**DATA SUPPLIED:**
▼

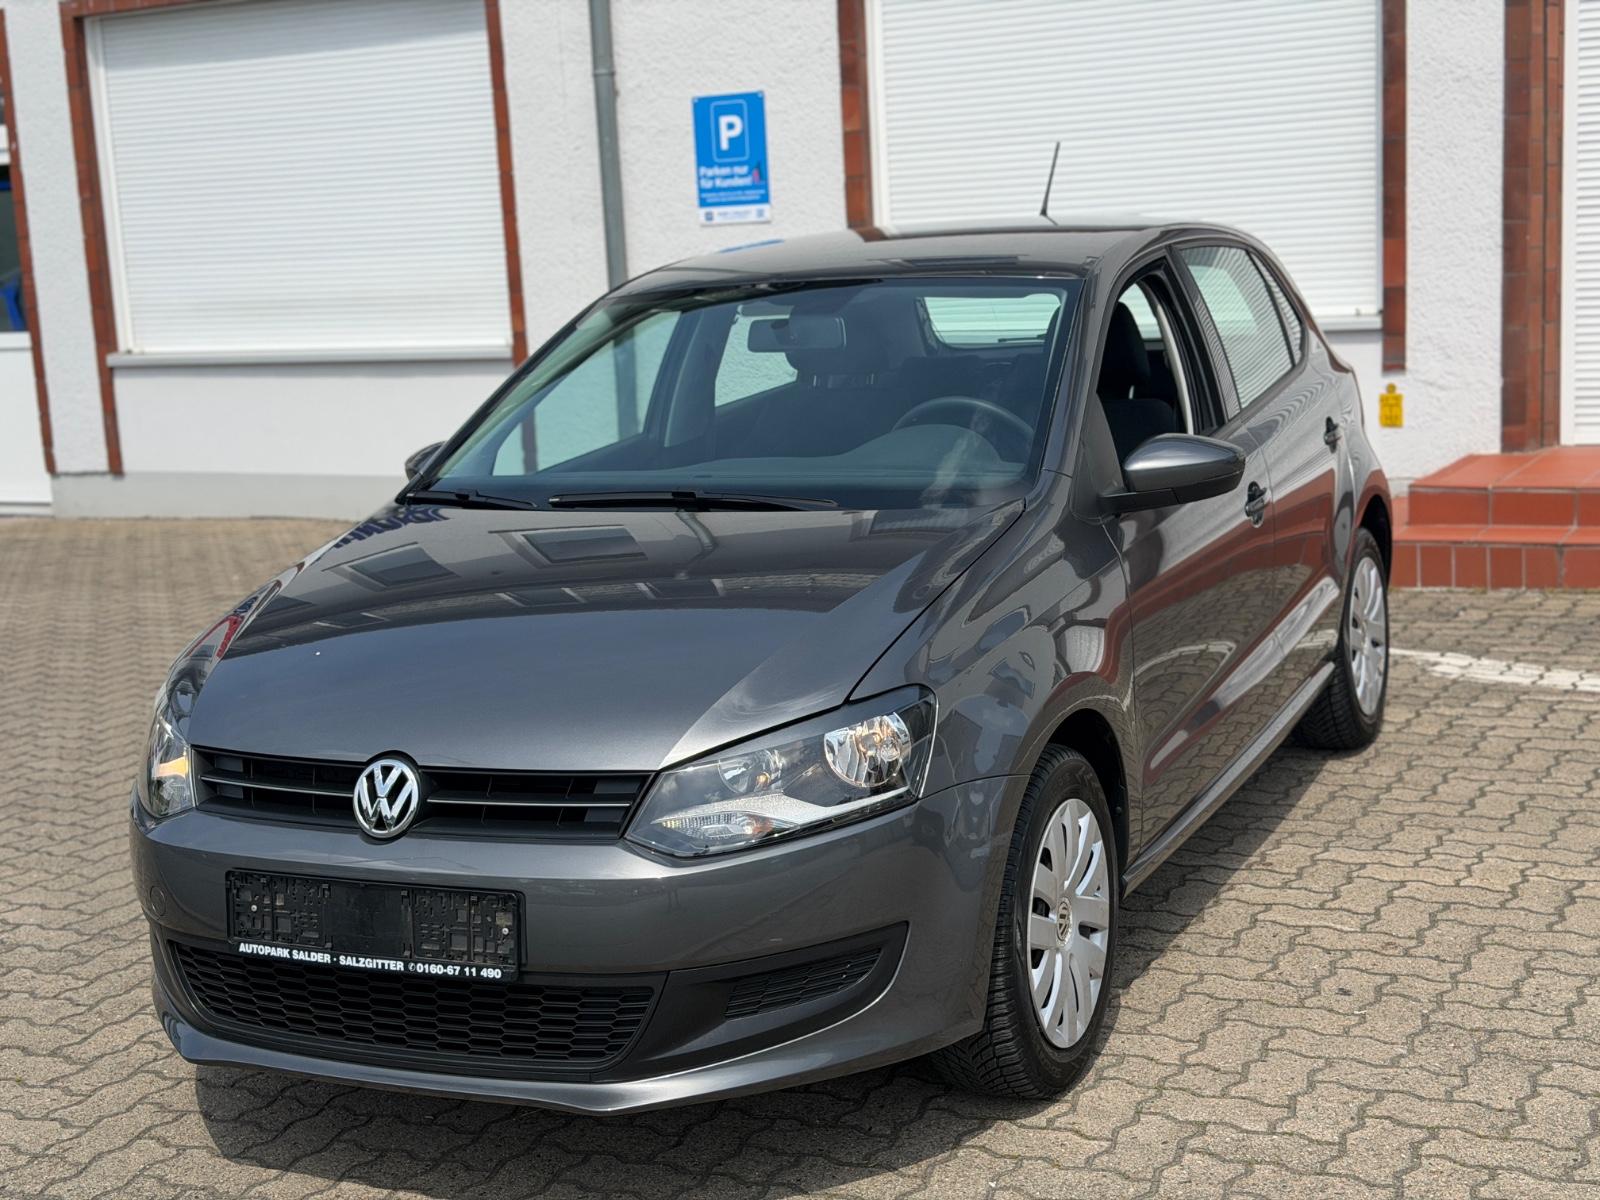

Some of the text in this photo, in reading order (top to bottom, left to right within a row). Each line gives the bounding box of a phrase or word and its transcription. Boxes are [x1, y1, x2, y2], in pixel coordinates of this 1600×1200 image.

[718, 114, 743, 151] P
[699, 165, 749, 178] Parken nur
[356, 760, 416, 834] VW
[238, 942, 502, 979] AUTOPARK SALDER SALZGITTER 0160-67 11 490
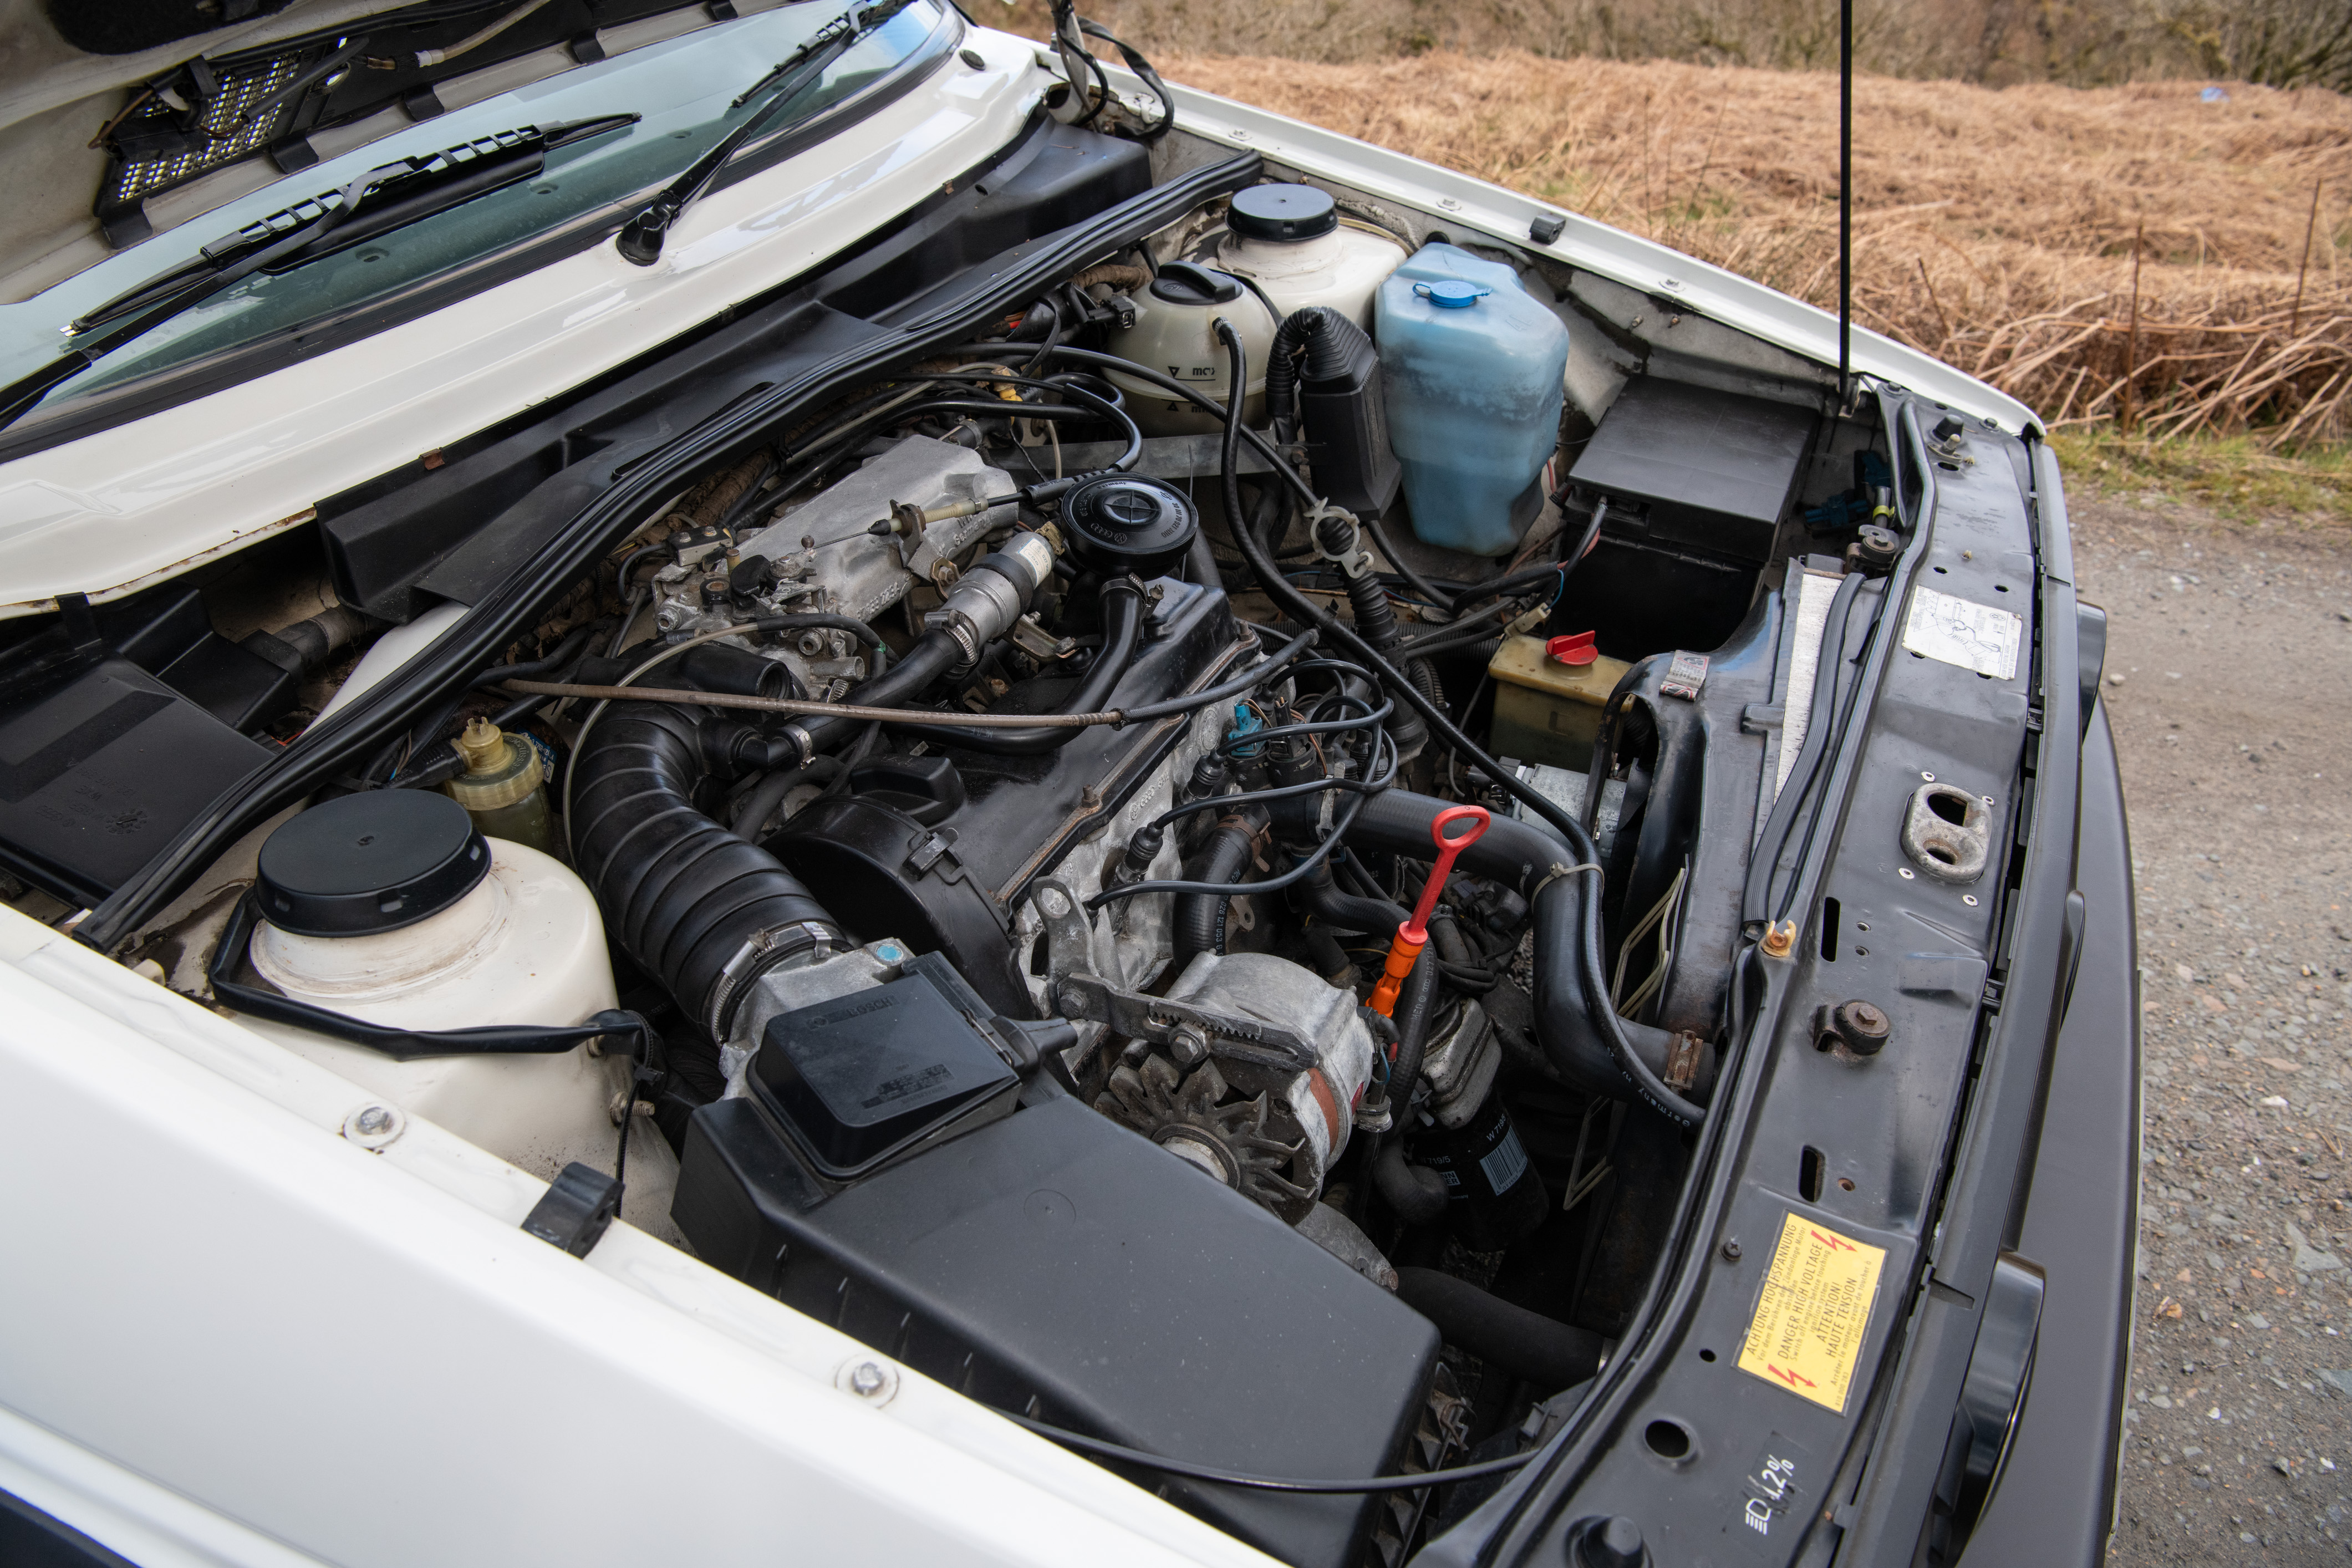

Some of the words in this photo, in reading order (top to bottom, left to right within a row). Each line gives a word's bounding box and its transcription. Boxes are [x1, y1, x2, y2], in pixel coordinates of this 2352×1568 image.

[847, 997, 893, 1016] BOSCH
[1637, 1087, 1691, 1127] Germany
[1486, 1129, 1495, 1141] W
[1494, 1114, 1506, 1135] 719/5
[1427, 1155, 1450, 1164] 719/5
[1795, 1226, 1807, 1245] Motor
[1783, 1245, 1800, 1282] Zündanlage
[1816, 1249, 1831, 1277] touching
[1745, 1305, 1770, 1355] ACHTUNG
[1763, 1223, 1797, 1303] HOCHSPANNUNG
[1778, 1284, 1788, 1297] der
[1809, 1277, 1822, 1301] before
[1857, 1266, 1870, 1291] toucher
[1776, 1315, 1800, 1359] DANGER
[1791, 1287, 1809, 1314] HIGH
[1800, 1243, 1822, 1286] VOLTAGE
[1783, 1279, 1798, 1310] abstellen
[1808, 1304, 1823, 1332] ignition
[1817, 1281, 1830, 1305] system
[1854, 1291, 1863, 1301] de
[1766, 1298, 1783, 1331] Berühren
[1801, 1300, 1815, 1324] engine
[1815, 1281, 1842, 1342] ATTENTION!
[1825, 1321, 1844, 1357] HAUTE
[1836, 1277, 1857, 1319] TENSION
[1848, 1301, 1860, 1321] avant
[1850, 1305, 1868, 1343] l'allumage
[1761, 1332, 1772, 1348] dem
[1798, 1325, 1807, 1336] off
[1840, 1322, 1854, 1349] moteur
[1757, 1348, 1766, 1361] Vor
[1790, 1337, 1803, 1361] Switch
[1838, 1349, 1846, 1357] le
[1830, 1357, 1844, 1386] Arrêter

▲

**WHAT THIS TASK INVOLVES:**
Your answer should be a precise transcript of the entries, minus the pictures.

**PROBLEM SOLUTION:**
Some of the text in this photo, in reading order (top to bottom, left to right within a row). Each line gives the bounding box of a phrase or word and its transcription. Boxes are [x1, y1, x2, y2], in pixel coordinates of this 1600×1200 image.

[718, 114, 743, 151] P
[699, 165, 749, 178] Parken nur
[356, 760, 416, 834] VW
[238, 942, 502, 979] AUTOPARK SALDER SALZGITTER 0160-67 11 490

Some of the words in this photo, in reading order (top to bottom, left to right within a row). Each line gives a word's bounding box and its transcription. Boxes are [x1, y1, x2, y2], in pixel coordinates of this 2352×1568 image.

[847, 997, 893, 1016] BOSCH
[1637, 1087, 1691, 1127] Germany
[1486, 1129, 1495, 1141] W
[1494, 1114, 1506, 1135] 719/5
[1427, 1155, 1450, 1164] 719/5
[1795, 1226, 1807, 1245] Motor
[1783, 1245, 1800, 1282] Zündanlage
[1816, 1249, 1831, 1277] touching
[1745, 1305, 1770, 1355] ACHTUNG
[1763, 1223, 1797, 1303] HOCHSPANNUNG
[1778, 1284, 1788, 1297] der
[1809, 1277, 1822, 1301] before
[1857, 1266, 1870, 1291] toucher
[1776, 1315, 1800, 1359] DANGER
[1791, 1287, 1809, 1314] HIGH
[1800, 1243, 1822, 1286] VOLTAGE
[1783, 1279, 1798, 1310] abstellen
[1808, 1304, 1823, 1332] ignition
[1817, 1281, 1830, 1305] system
[1854, 1291, 1863, 1301] de
[1766, 1298, 1783, 1331] Berühren
[1801, 1300, 1815, 1324] engine
[1815, 1281, 1842, 1342] ATTENTION!
[1825, 1321, 1844, 1357] HAUTE
[1836, 1277, 1857, 1319] TENSION
[1848, 1301, 1860, 1321] avant
[1850, 1305, 1868, 1343] l'allumage
[1761, 1332, 1772, 1348] dem
[1798, 1325, 1807, 1336] off
[1840, 1322, 1854, 1349] moteur
[1757, 1348, 1766, 1361] Vor
[1790, 1337, 1803, 1361] Switch
[1838, 1349, 1846, 1357] le
[1830, 1357, 1844, 1386] Arrêter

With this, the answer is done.